╭─ Provided data

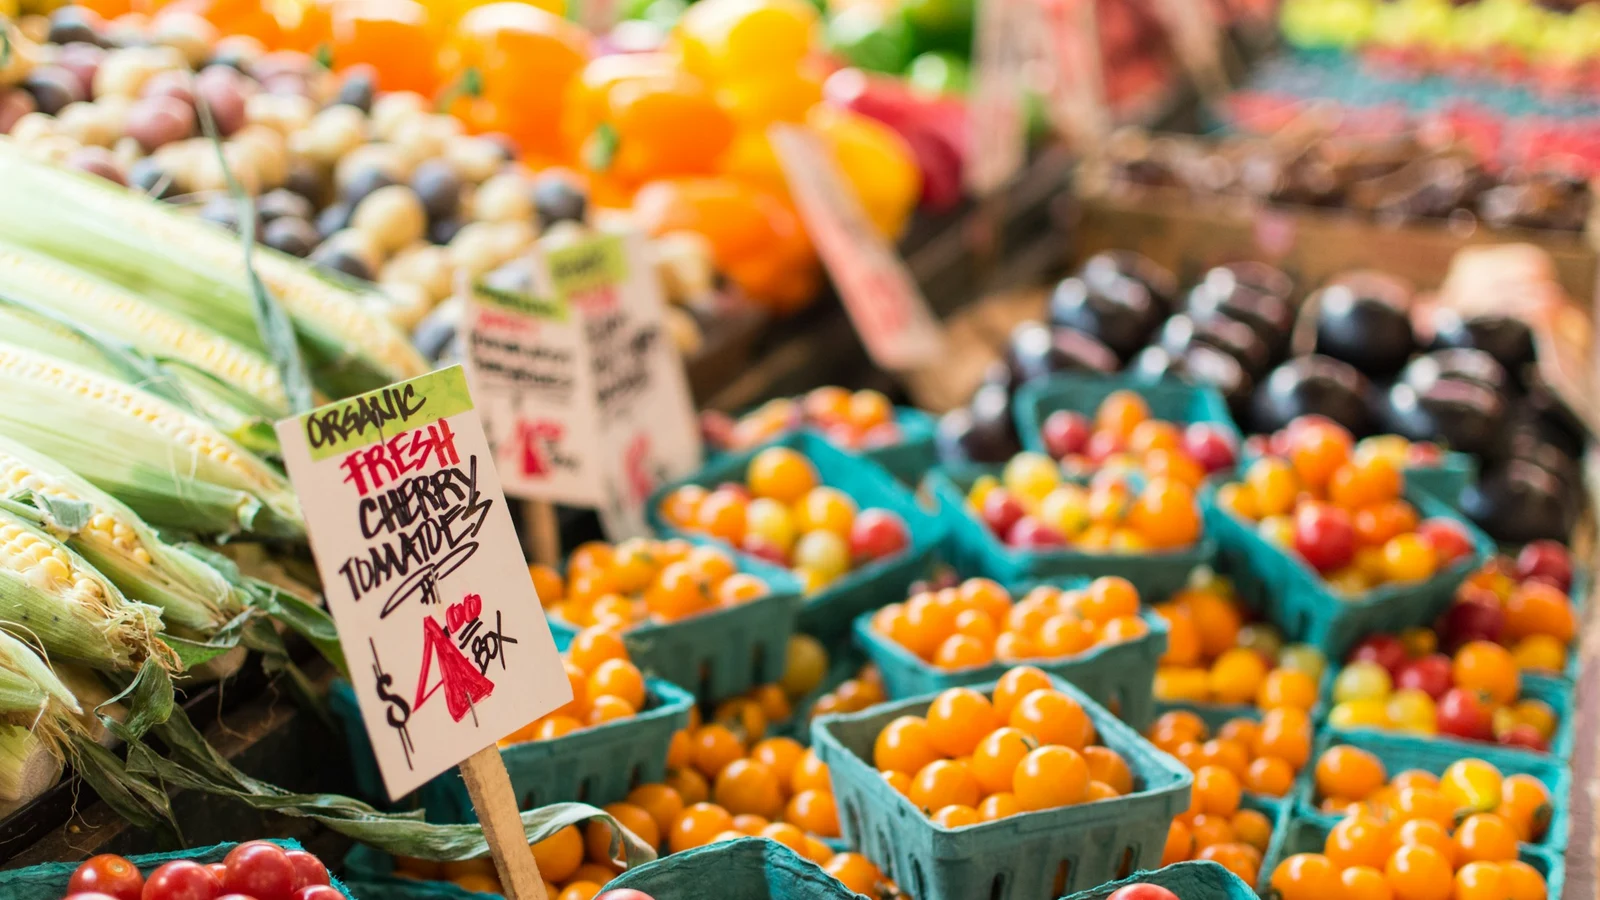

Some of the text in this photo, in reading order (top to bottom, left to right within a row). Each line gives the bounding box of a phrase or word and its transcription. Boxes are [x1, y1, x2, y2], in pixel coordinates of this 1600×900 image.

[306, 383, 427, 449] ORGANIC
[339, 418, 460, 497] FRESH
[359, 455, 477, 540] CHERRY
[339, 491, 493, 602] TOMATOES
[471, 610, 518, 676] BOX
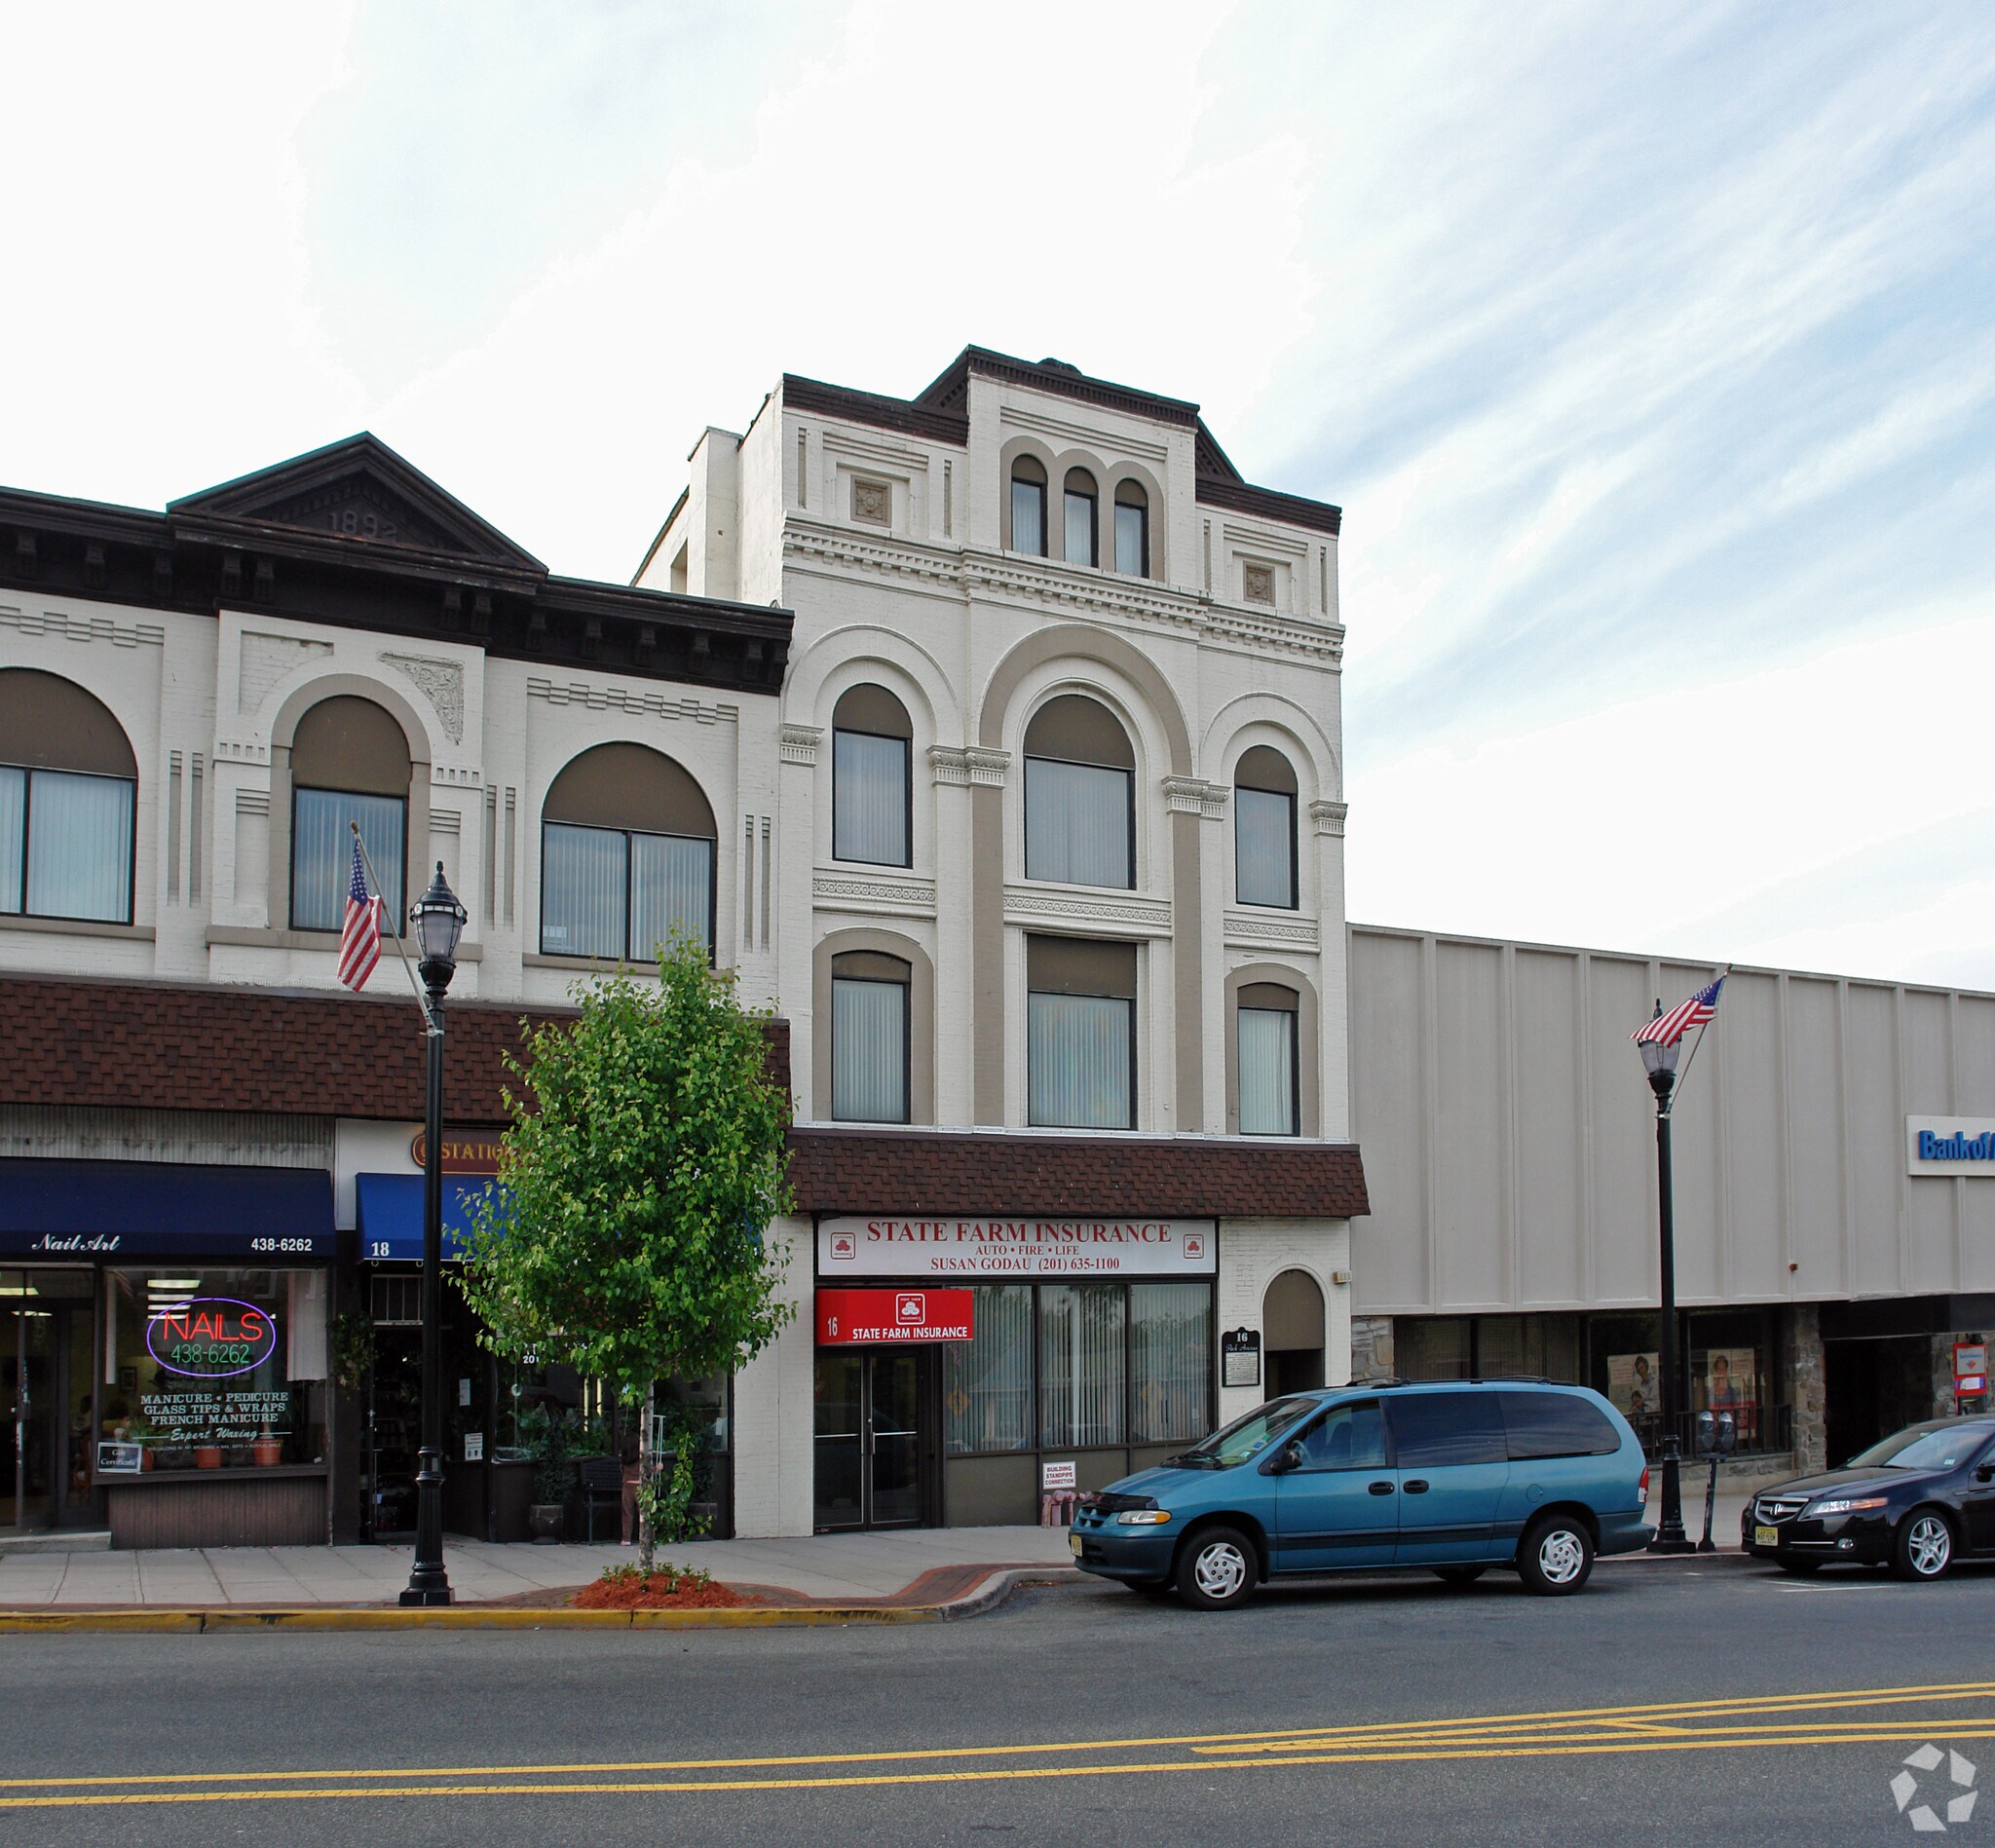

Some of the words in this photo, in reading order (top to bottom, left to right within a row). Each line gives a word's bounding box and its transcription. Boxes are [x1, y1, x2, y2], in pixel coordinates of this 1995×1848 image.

╰─
╭─ Provided data

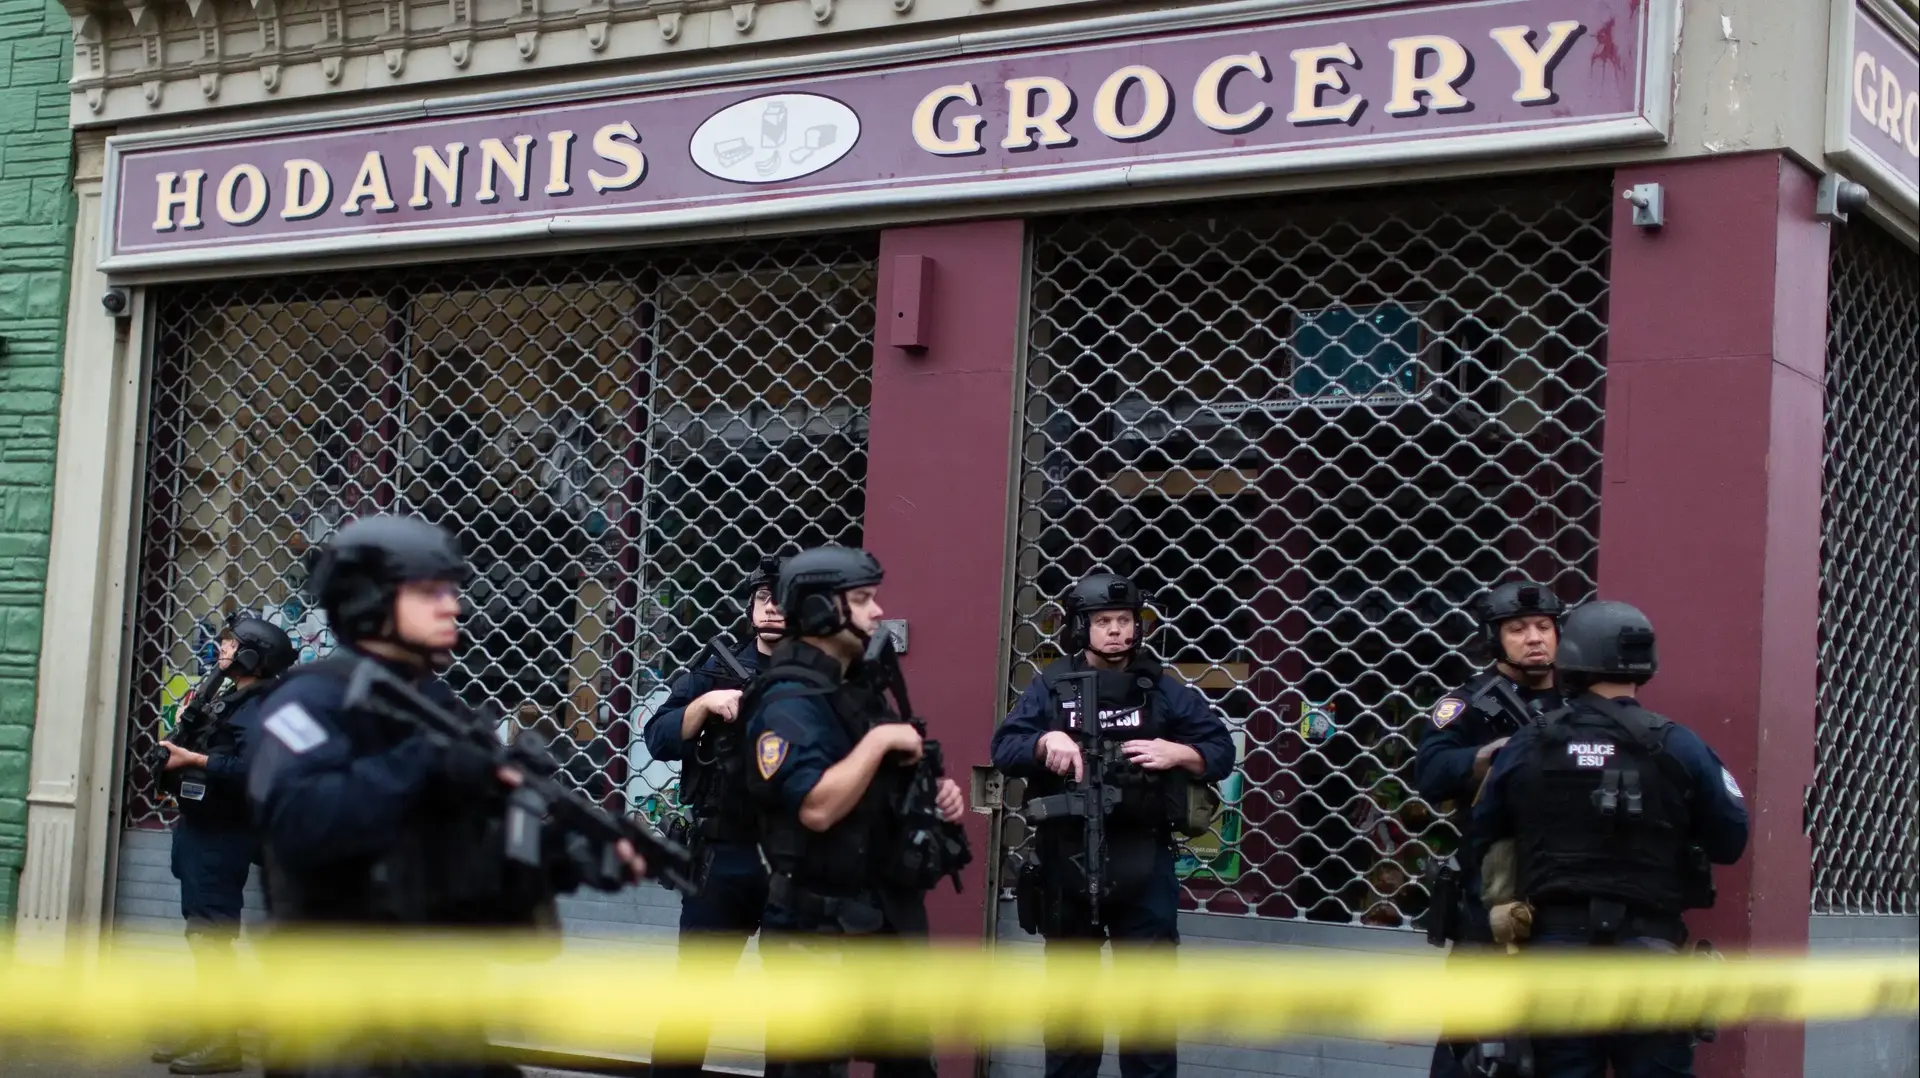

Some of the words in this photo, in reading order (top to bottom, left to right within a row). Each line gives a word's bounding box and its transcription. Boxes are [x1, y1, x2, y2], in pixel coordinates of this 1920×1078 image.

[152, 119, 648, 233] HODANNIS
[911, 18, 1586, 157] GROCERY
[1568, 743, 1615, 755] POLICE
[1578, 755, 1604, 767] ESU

╰─
╭─ Provided data

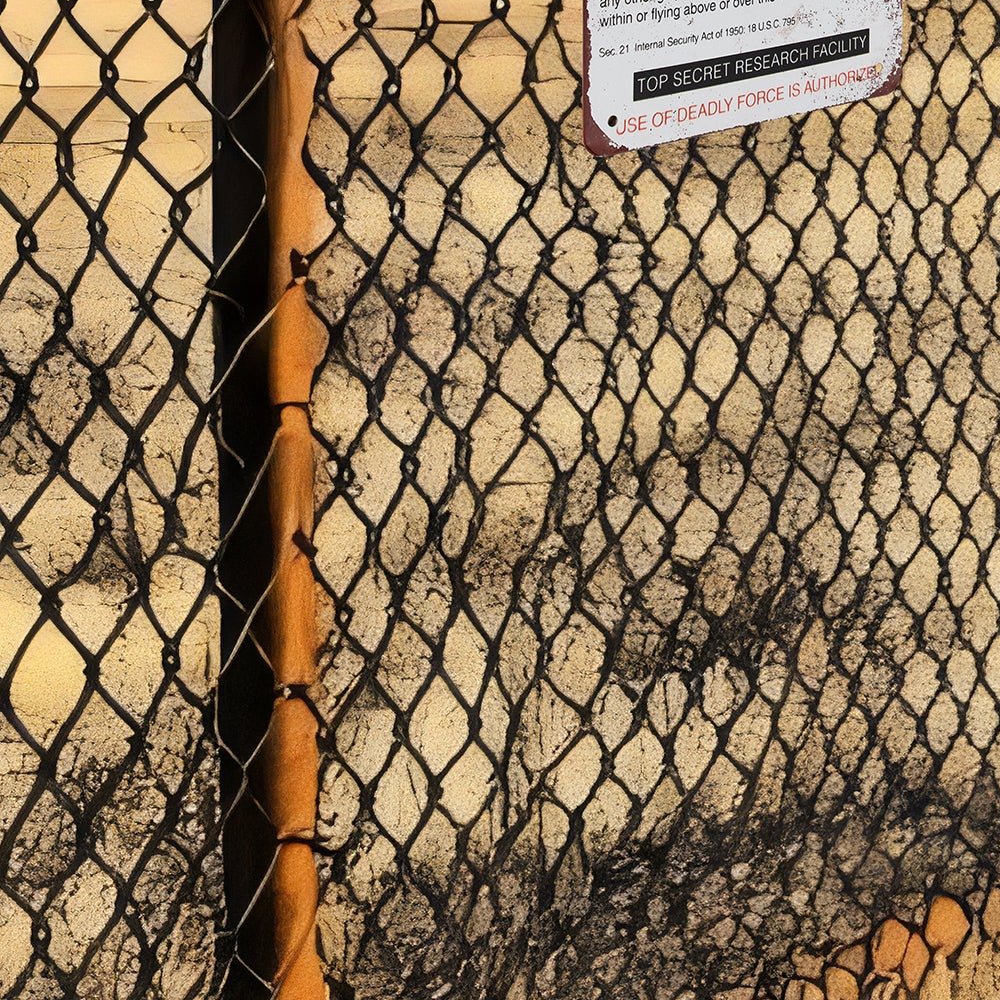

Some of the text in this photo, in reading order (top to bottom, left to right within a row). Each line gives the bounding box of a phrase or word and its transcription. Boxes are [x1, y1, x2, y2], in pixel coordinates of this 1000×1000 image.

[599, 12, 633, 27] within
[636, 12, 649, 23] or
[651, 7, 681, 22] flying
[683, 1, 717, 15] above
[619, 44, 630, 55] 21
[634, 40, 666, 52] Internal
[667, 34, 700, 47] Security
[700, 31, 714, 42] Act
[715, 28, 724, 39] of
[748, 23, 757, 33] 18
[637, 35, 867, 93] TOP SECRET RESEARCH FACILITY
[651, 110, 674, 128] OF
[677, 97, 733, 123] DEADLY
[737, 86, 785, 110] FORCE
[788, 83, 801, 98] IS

╰─

■ **Exercise description**: In the material above, which lines fall between the one holding "this 1600×900 image." and the one holding "this 1995×1848 image.", inclusive? Print exactly those, with the pictures left out.

■ **Response**:
Some of the text in this photo, in reading order (top to bottom, left to right within a row). Each line gives the bounding box of a phrase or word and its transcription. Boxes are [x1, y1, x2, y2], in pixel coordinates of this 1600×900 image.

[306, 383, 427, 449] ORGANIC
[339, 418, 460, 497] FRESH
[359, 455, 477, 540] CHERRY
[339, 491, 493, 602] TOMATOES
[471, 610, 518, 676] BOX

Some of the words in this photo, in reading order (top to bottom, left to right within a row). Each line gives a word's bounding box and its transcription. Boxes are [x1, y1, x2, y2], in pixel coordinates of this 1995×1848 image.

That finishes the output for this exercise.